Pessimism stalked peace negotiators right before the original deadline agreed by both government and guerrillas for signing the final peace accord. The deadline was Wednesday March 23rd. The actual date may or may not have a meaning; being given that even Barack Obama planned his historic trip to Cuba on the same week. But, the true connotation and impact of these missteps rely on the cloud of doubt that overshadows the country's view of a future sans political violence.
The first reason for doubt is based on obscurity. In particular, lack of knowledge on what was actually negotiated and what favors/pardons might have been promised to the FARC guerrillas, a group that has used terrorist tactics (with prolonged Human Rights violations) but has also been subject to historical deceit by the establishment. The FARC say that Colombia's political class and its Armed Forces are to blame as well. This is accurate in some cases, particularly on corruption within armed forces and their history with false positive killings. Impunity in private sector corruption cases is also part of this lack of trust.
Yes, there has to be accountability for FARC's crimes. Yes, they have to give in their weapons. Yes, justice and peace have to equally prevail. The specifics on how to get this are not clear to anyone, yet. Timing is key. This is why a second reason for doubting this peace's solidity is the country's financial situation. Colombia's leadership in a weak emerging market environment is also under threat. Since both national production and financial disparity directly affect the country's stability, all eyes are on the once acclaimed Finance Minister. He, a brilliant mind, now faces at least two different investigations: one from the Attorney General´s Office and one from the Comptroller's Office. All based on his efforts as Minister to navigate Colombia's promising economy in a 30usd-oil-barrel world. In this sense, 2015 was rough and 2016 is uncertain.
The list of reasons for being a pessimist expands: There isn't a public strategy clarifying that mistakes committed in past peace efforts with armed paramilitary groups wont happen again in this case. The second largest guerrilla, ELN, is still on the move. Cocaine production is up again.
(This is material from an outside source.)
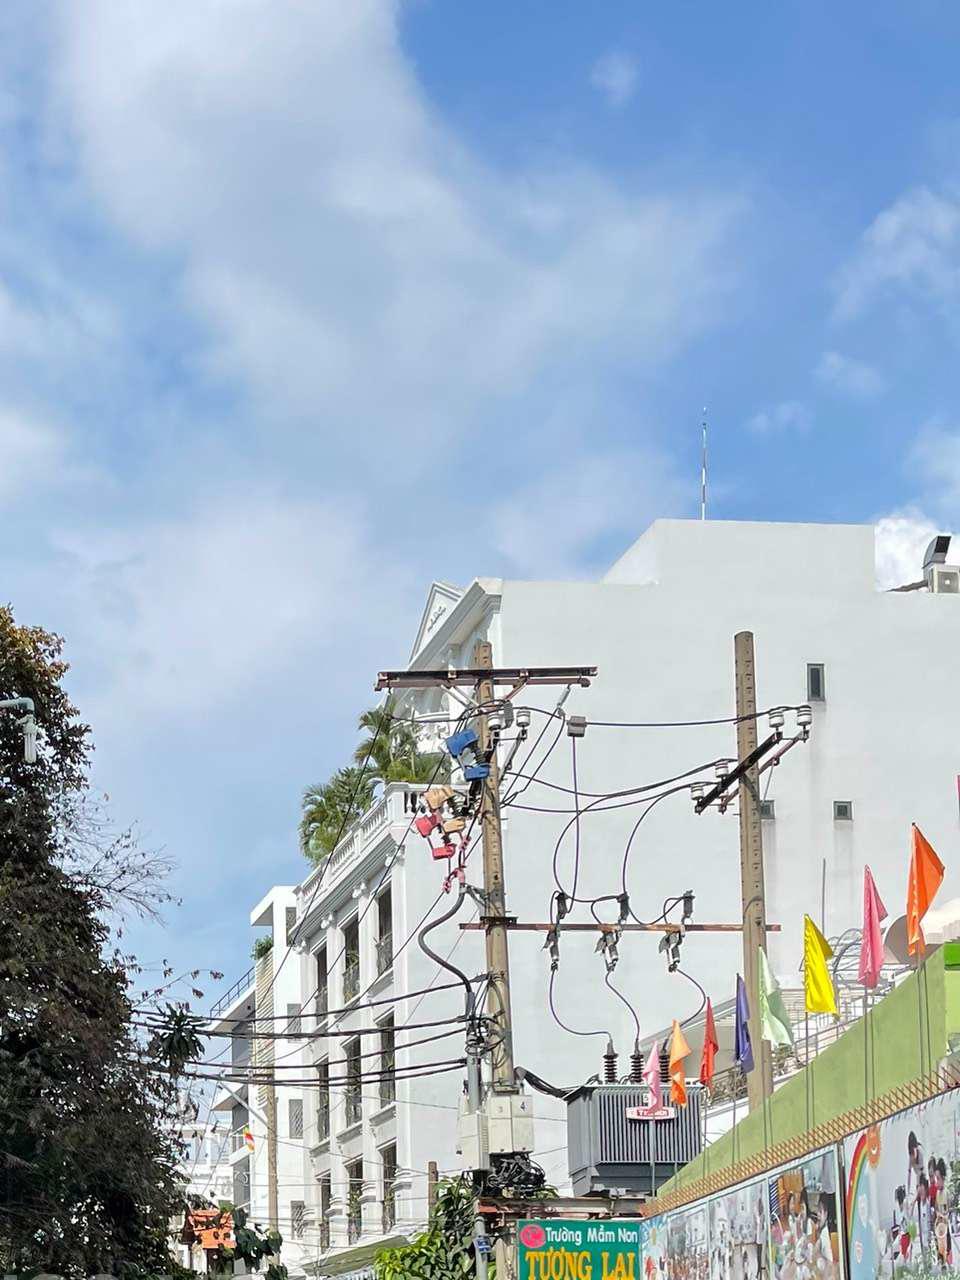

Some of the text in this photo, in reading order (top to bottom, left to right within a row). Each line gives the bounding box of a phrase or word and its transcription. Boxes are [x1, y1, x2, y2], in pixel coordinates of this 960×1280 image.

Despite all this, Colombia's national conversation now tries to resemble public opinion debates in most modern democracies, where governments use their interpretation of official data to show how much a country prospers with their leadership while opposition leaders exacerbate this country's current weaknesses. The difference is that peace has come to be a victim of this dichotomy. The one thing that could and should unite the entire country now finds itself entangled in a political and bloody divide that, summed to a weak institutional public system, is fueling discontent lead by former-President-turned-Senator Alvaro Uribe.
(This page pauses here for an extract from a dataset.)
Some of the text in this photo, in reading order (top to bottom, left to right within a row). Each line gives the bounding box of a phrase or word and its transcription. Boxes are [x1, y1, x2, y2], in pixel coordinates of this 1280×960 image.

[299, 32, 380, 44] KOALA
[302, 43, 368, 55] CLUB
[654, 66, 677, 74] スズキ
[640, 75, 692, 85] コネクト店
Little eye does the international community give to such threats. A majority of ally nations (or at least the countries interested in Colombia's reconciliation) see Colombia's process in a positive way. The United Nation's Security Council is now taking part in the implementation of a would-be peace accord. Barack Obama celebrated 15 years of systematic aid to Colombia with sweet words for its results. His National Security Advisor (and former Ambassador to UN) Susan Rice recently said that "Colombia today is more stable, secure, and prosperous than it has been for decades". The European Union is confident about the timings in the process. And the UN's Secretary General, who recently appointed a Special Mission on the subject, wrote an Op-Ed for Colombia's largest newspaper in a very positive tone. And sponsor countries for the peace process have not stopped working continually on it for the more than two years it has lasted.
National campaigns are now being planned to support or defeat the final accord in a national vote, proposed by Santos himself. This process will prove that Colombia's polarization will be more similar to the type of polarization seen across the globe, hopefully less race-based than the one in the United States, but definitely less bloody than the one lived in the South American country for the past century.
A wise saying, translated from Spanish, reads: "dirty laundry is washed in doors". That applies to many situations, where shame is involved. Robert Drinan wrote that shame and outrage prompt people to defend Human Rights. In this case, Colombia is showing its dirty laundry to the globe, while at the same time trying to prove its worth and value as a country; divided like most, violently divided like few, but making a valid and finally realistic effort to grow out of such a shameful past.